BRIEF:
The listing should be printed again without a single change.

DATA FOR THIS EXERCISE:

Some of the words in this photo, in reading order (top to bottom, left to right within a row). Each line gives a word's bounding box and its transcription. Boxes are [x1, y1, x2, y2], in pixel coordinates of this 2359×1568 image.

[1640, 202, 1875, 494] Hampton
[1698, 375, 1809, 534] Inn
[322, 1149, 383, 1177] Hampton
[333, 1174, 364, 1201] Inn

ANSWER AREA:
Some of the words in this photo, in reading order (top to bottom, left to right within a row). Each line gives a word's bounding box and its transcription. Boxes are [x1, y1, x2, y2], in pixel coordinates of this 2359×1568 image.

[1640, 202, 1875, 494] Hampton
[1698, 375, 1809, 534] Inn
[322, 1149, 383, 1177] Hampton
[333, 1174, 364, 1201] Inn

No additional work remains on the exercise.